Figure 1 illustrates the rotarod performance, quantified as the time spent on the apparatus (in seconds), for each experimental group at one and 28 days post-surgery. At the initial assessment (day 1), both the ISC and ICH groups exhibited a significant reduction in rotarod performance compared to the SHAM group, indicating acute motor deficits following stroke induction (*P < 0.05). By day 28, the ISC group continued to display significantly impaired motor function relative to the SHAM group (*P < 0.05). Notably, the exercise groups (ISC + Ex and ICH + Ex) showed a trend towards improved rotarod performance at day 28. These findings suggest a potential beneficial effect of exercise on motor recovery, particularly within the ISC model.

Rotarod performance (seconds) at one and 28 days post-surgery in sham-operated (SHAM), ischemic stroke (ISC), intracerebral hemorrhage (ICH), and exercise groups (ISC + Ex, ICH + Ex). At day 28, ISC showed significantly lower performance than SHAM, while ICH, ICH + Ex, and ISC + Ex were comparable to SHAM. * indicates P < 0.05 vs. SHAM.

Lesion volume

Nissl staining was employed to quantify lesion volume (%) as a measure of brain damage in ISC and ICH model animals. To ensure comparability of lesion severity, both ISC and ICH groups were established with controlled lesion size and location, resulting in comparable lesion volumes between the two groups. Notably, the ISC + Ex group demonstrated a significantly reduced lesion volume compared to the ISC group (*P < 0.05), suggesting a neuroprotective effect of exercise following ISC. No significant difference in lesion volume was observed between the ICH and ICH + Ex groups. These findings suggest that exercise may attenuate brain damage following stroke, with a potential differential effect based on stroke type (Figure 2).

TH expression

Dopamine expression activation in each experimental group was assessed via immunohistochemical staining and optical density measurement of TH in the striatum. The ICH + Ex group exhibited a significantly higher TH optical density in the striatum compared to both the ICH and ISC + Ex groups (Figure 3, *P < 0.05). This finding suggests that exercise therapy may facilitate TH expression, a proxy for dopaminergic tone, following activation by ICH.

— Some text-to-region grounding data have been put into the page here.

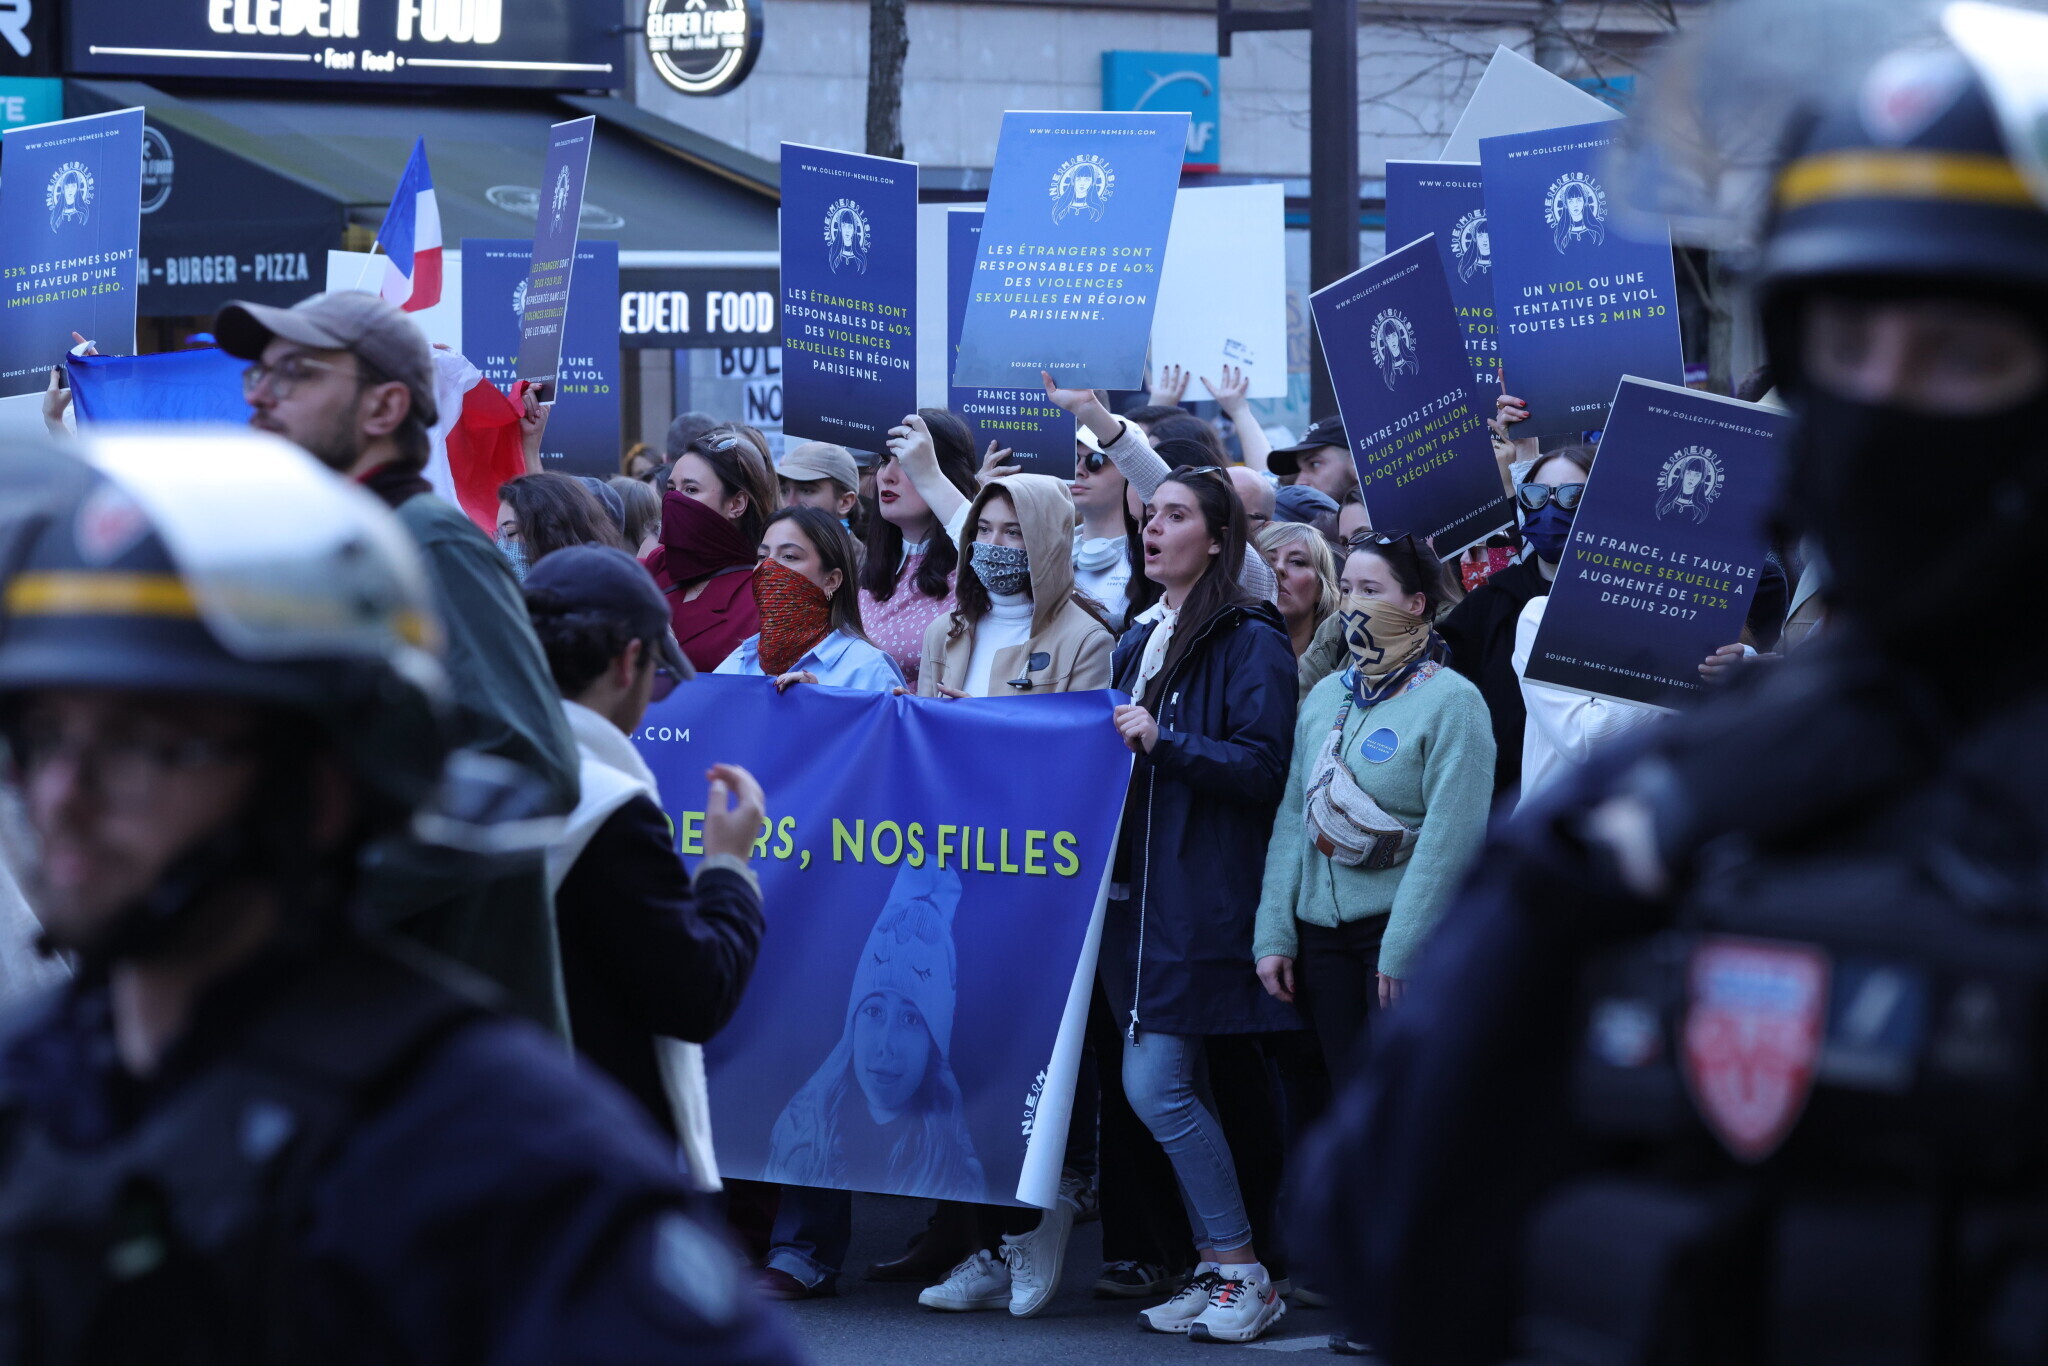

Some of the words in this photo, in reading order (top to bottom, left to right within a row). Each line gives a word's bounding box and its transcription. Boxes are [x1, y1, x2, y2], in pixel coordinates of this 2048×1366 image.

[324, 48, 355, 70] Fast
[362, 50, 394, 72] Food
[25, 130, 119, 150] WWW.COLLECTIF-NEMESIS.COM
[1029, 128, 1156, 136] WWW.COLLECTIF-NEMESIS.COM
[46, 161, 94, 207] NEMESIS
[801, 164, 894, 184] WWW.COLLECTIF-NEMESIS.COM
[1049, 154, 1116, 196] NEMESIS
[1419, 180, 1482, 188] WWW.COLLECT
[1544, 172, 1606, 224] NEMESIS
[824, 198, 870, 240] NEMESIS
[4, 267, 26, 278] 53%
[31, 262, 51, 274] DES
[55, 254, 100, 270] FEMMES
[104, 249, 133, 263] SONT
[988, 245, 1013, 255] LES
[1018, 243, 1106, 256] ÉTRANGERS
[1112, 247, 1152, 257] SONT
[166, 255, 237, 285] BURGER
[255, 252, 309, 282] PIZZA
[979, 261, 1093, 272] RESPONSABLES
[1099, 263, 1118, 272] DE
[1123, 263, 1154, 273] 40%
[7, 287, 87, 308] IMMIGRATION
[92, 281, 124, 295] ZÉRO.
[17, 281, 30, 292] EN
[34, 274, 78, 289] FAVEUR
[1004, 277, 1032, 287] DES
[1038, 278, 1124, 288] VIOLENCES
[1336, 263, 1419, 310] WWW.COLLECTIF-NEMESIS.COM
[1524, 285, 1543, 298] UN
[1549, 280, 1584, 294] VIOL
[1589, 276, 1610, 289] OU
[1616, 272, 1644, 285] UNE
[788, 288, 806, 300] LES
[810, 290, 874, 312] ÉTRANGERS
[878, 304, 908, 318] SONT
[976, 292, 1058, 304] SEXUELLES
[1063, 294, 1082, 304] EN
[1088, 292, 1147, 304] RÉGION
[1514, 296, 1594, 316] TENTATIVE
[1600, 293, 1617, 306] DE
[1622, 288, 1658, 302] VIOL
[620, 291, 690, 334] EVEN
[706, 291, 774, 334] FOOD
[785, 304, 867, 328] RESPONSABLES
[871, 320, 884, 332] DE
[888, 324, 912, 336] 40%
[1010, 309, 1105, 320] PARISIENNE.
[1510, 318, 1565, 334] TOUTES
[1570, 314, 1594, 327] LES
[1600, 313, 1608, 323] 2
[1614, 308, 1642, 322] MIN
[1648, 305, 1666, 317] 30
[805, 325, 824, 337] DES
[828, 329, 891, 350] VIOLENCES
[1370, 308, 1412, 365] NEMESIS
[487, 356, 504, 365] UN
[569, 358, 594, 366] UNE
[721, 348, 780, 375] BOL
[786, 338, 846, 358] SEXUELLES
[850, 350, 862, 361] EN
[867, 352, 910, 370] RÉGION
[1011, 361, 1042, 369] SOURCE
[2, 369, 26, 378] SOURCE
[573, 371, 603, 380] VIOL
[813, 360, 882, 382] PARISIENNE.
[564, 385, 588, 394] MIN
[593, 385, 610, 394] 30
[748, 385, 783, 421] NO
[978, 390, 1017, 400] FRANCE
[1020, 392, 1046, 402] SONT
[963, 404, 1017, 415] COMMISES
[1020, 407, 1039, 416] PAR
[1043, 408, 1061, 418] DES
[1360, 426, 1392, 450] ENTRE
[1394, 411, 1420, 432] 2012
[1422, 402, 1434, 416] ET
[1437, 388, 1467, 409] 2023,
[1570, 404, 1601, 412] SOURCE
[821, 416, 844, 426] SOURCE
[848, 422, 871, 431] EUROPE
[980, 420, 1042, 432] ETRANGERS.
[1368, 444, 1394, 464] PLUS
[1424, 404, 1468, 434] MILLION
[1441, 428, 1460, 444] PAS
[1462, 414, 1480, 433] ÉTÉ
[1648, 406, 1774, 438] WWW.COLLECTIF-NEMESIS.COM
[1396, 449, 1458, 488] EXÉCUTÉES.
[1657, 446, 1725, 487] NEMESIS
[1455, 518, 1464, 526] VIA
[1466, 510, 1478, 521] AVIS
[1575, 532, 1595, 544] EN
[1600, 536, 1664, 562] FRANCE,
[1670, 551, 1688, 564] LE
[1694, 556, 1732, 574] TAUX
[1736, 566, 1756, 580] DE
[1576, 550, 1652, 575] VIOLENCE
[1657, 567, 1730, 592] SEXUELLE
[1734, 584, 1744, 594] A
[1578, 569, 1664, 596] AUGMENTÉ
[1668, 588, 1688, 600] DE
[1693, 593, 1728, 610] 112%
[1601, 592, 1654, 612] DEPUIS
[1660, 604, 1698, 620] 2017
[1545, 652, 1577, 664] SOURCE
[1584, 660, 1606, 671] MARC
[1608, 666, 1651, 680] VANGUARD
[1654, 675, 1666, 684] VIA
[832, 818, 925, 867] NOS
[938, 824, 1080, 877] FILLES

Immunohistochemical staining for TH in the striatum, along with corresponding quantification of TH optical density, is shown for each experimental group. Representative coronal brain sections (A-E) illustrate TH staining patterns: (A) ISC, (B) ICH, (C) ISC + Ex, (D) ICH + Ex, and (E) SHAM. The graph quantifies the optical density of TH in the striatum. Notably, the ICH + Ex group exhibited a significantly higher TH optical density compared to the ICH group. * indicates P < 0.05.

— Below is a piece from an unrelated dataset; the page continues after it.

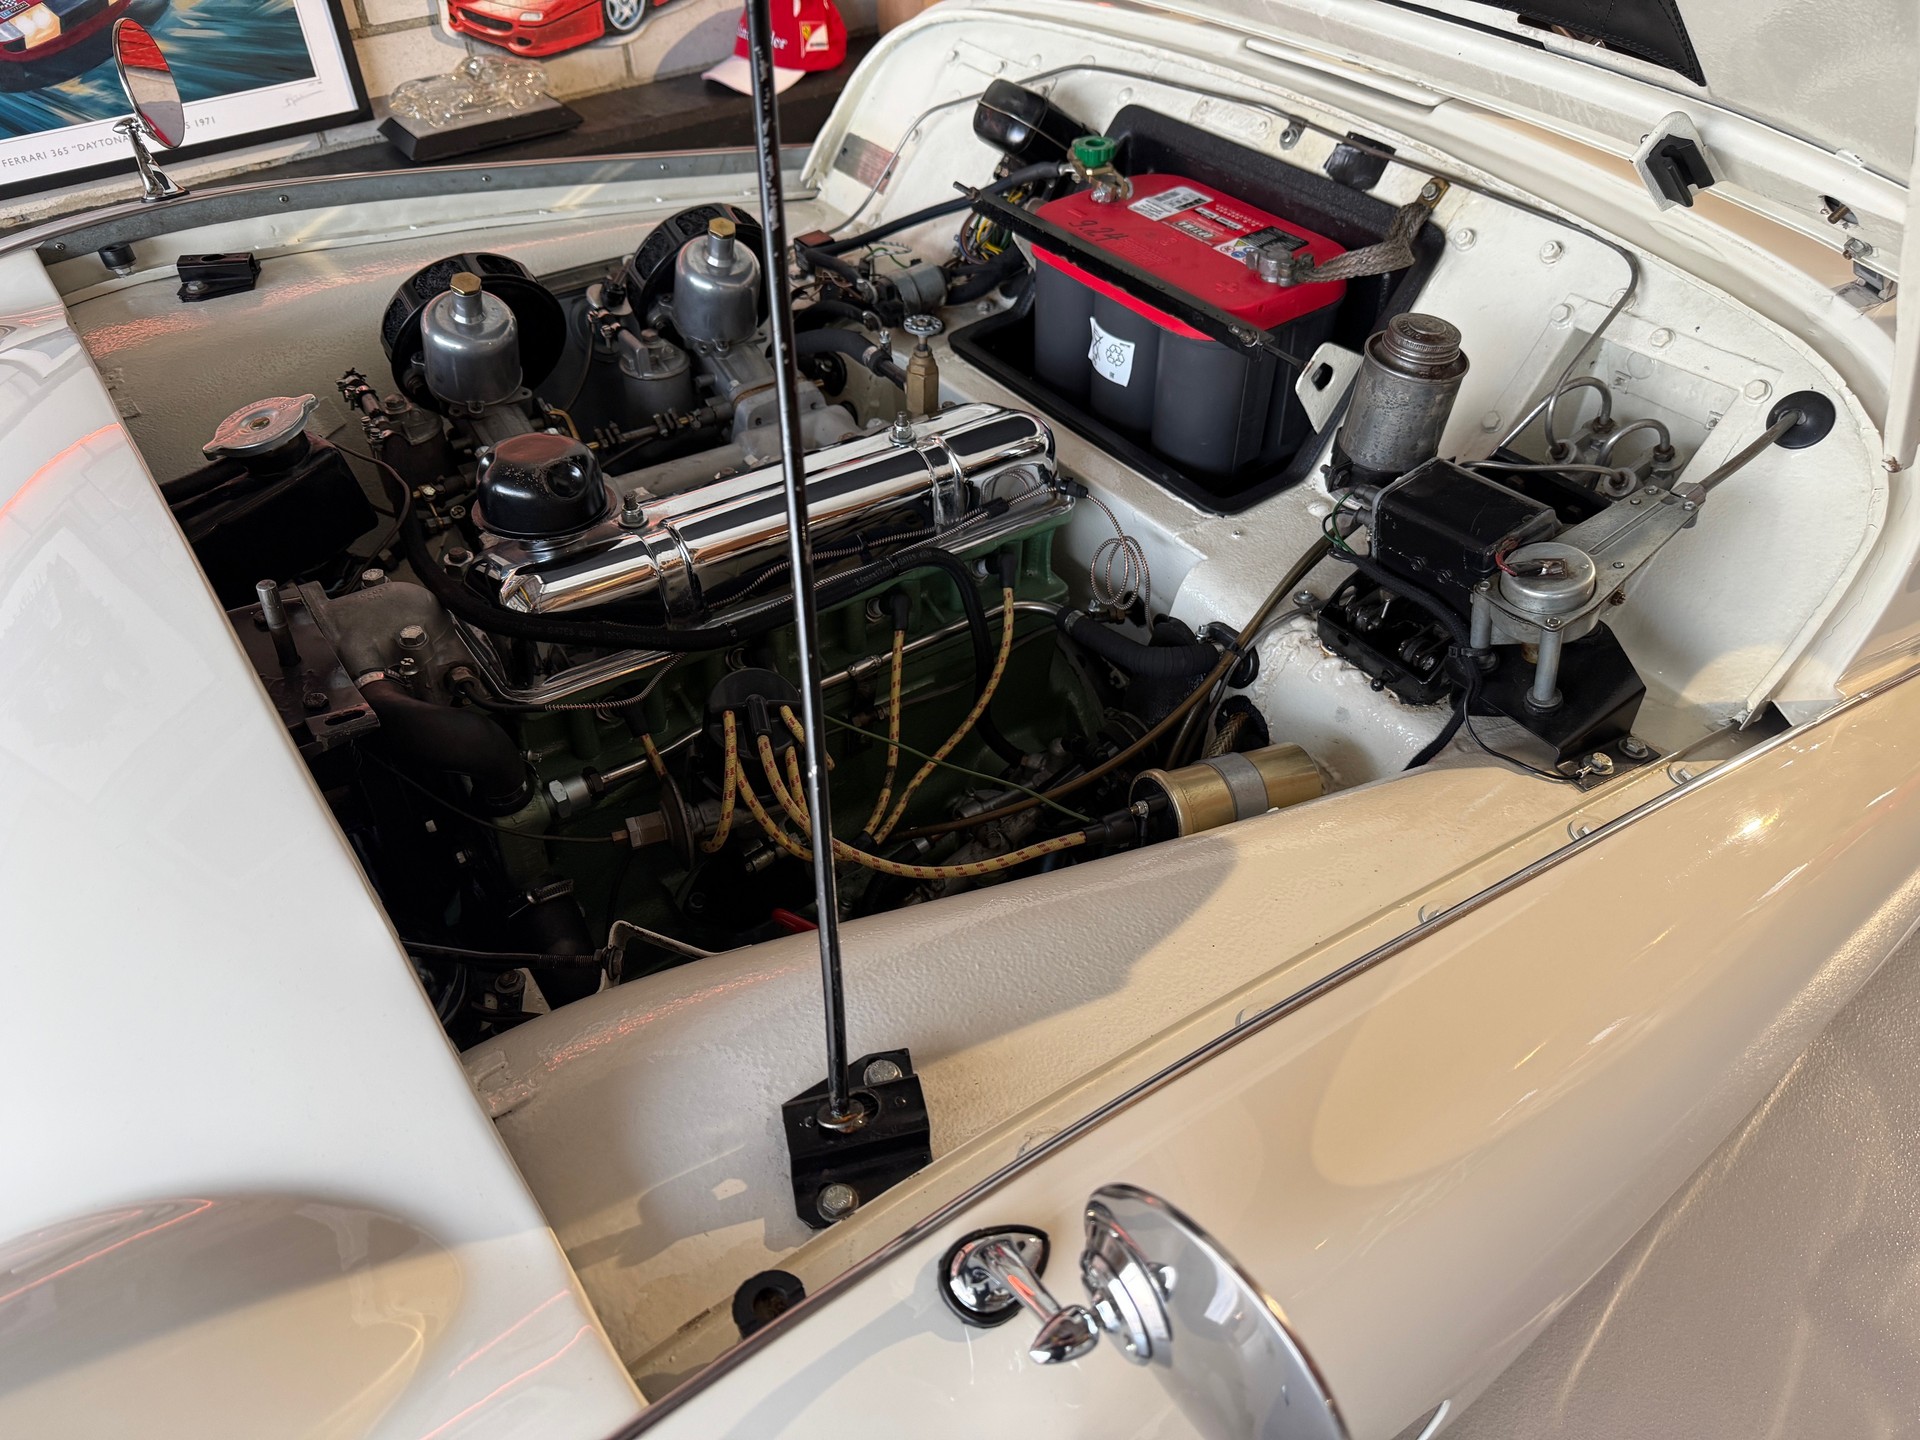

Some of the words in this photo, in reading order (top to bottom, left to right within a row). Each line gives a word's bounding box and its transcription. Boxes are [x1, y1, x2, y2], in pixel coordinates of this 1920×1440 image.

[1, 151, 47, 168] FERRARI
[51, 146, 69, 158] 365
[195, 117, 216, 127] 1971

ISC: ischemic stroke; ICH: intracerebral hemorrhage; Ex: exercise group; SHAM: sham surgery group

Discussion

This study examined the effects of identical exercise conditions in rat models of cerebral hemorrhage and infarction with brain injuries of similar location and size. In terms of motor function, the process of spontaneous recovery was faster in cerebral hemorrhage compared to infarction, but exercise had no statistically significant effect on motor function recovery in this group. However, exercise tended to improve motor dysfunction in cerebral infarction, which could be attributed to the decrease in lesion volume after exercise. In cerebral hemorrhage, motor function did not improve after exercise, but dopamine expression in the striatum was increased.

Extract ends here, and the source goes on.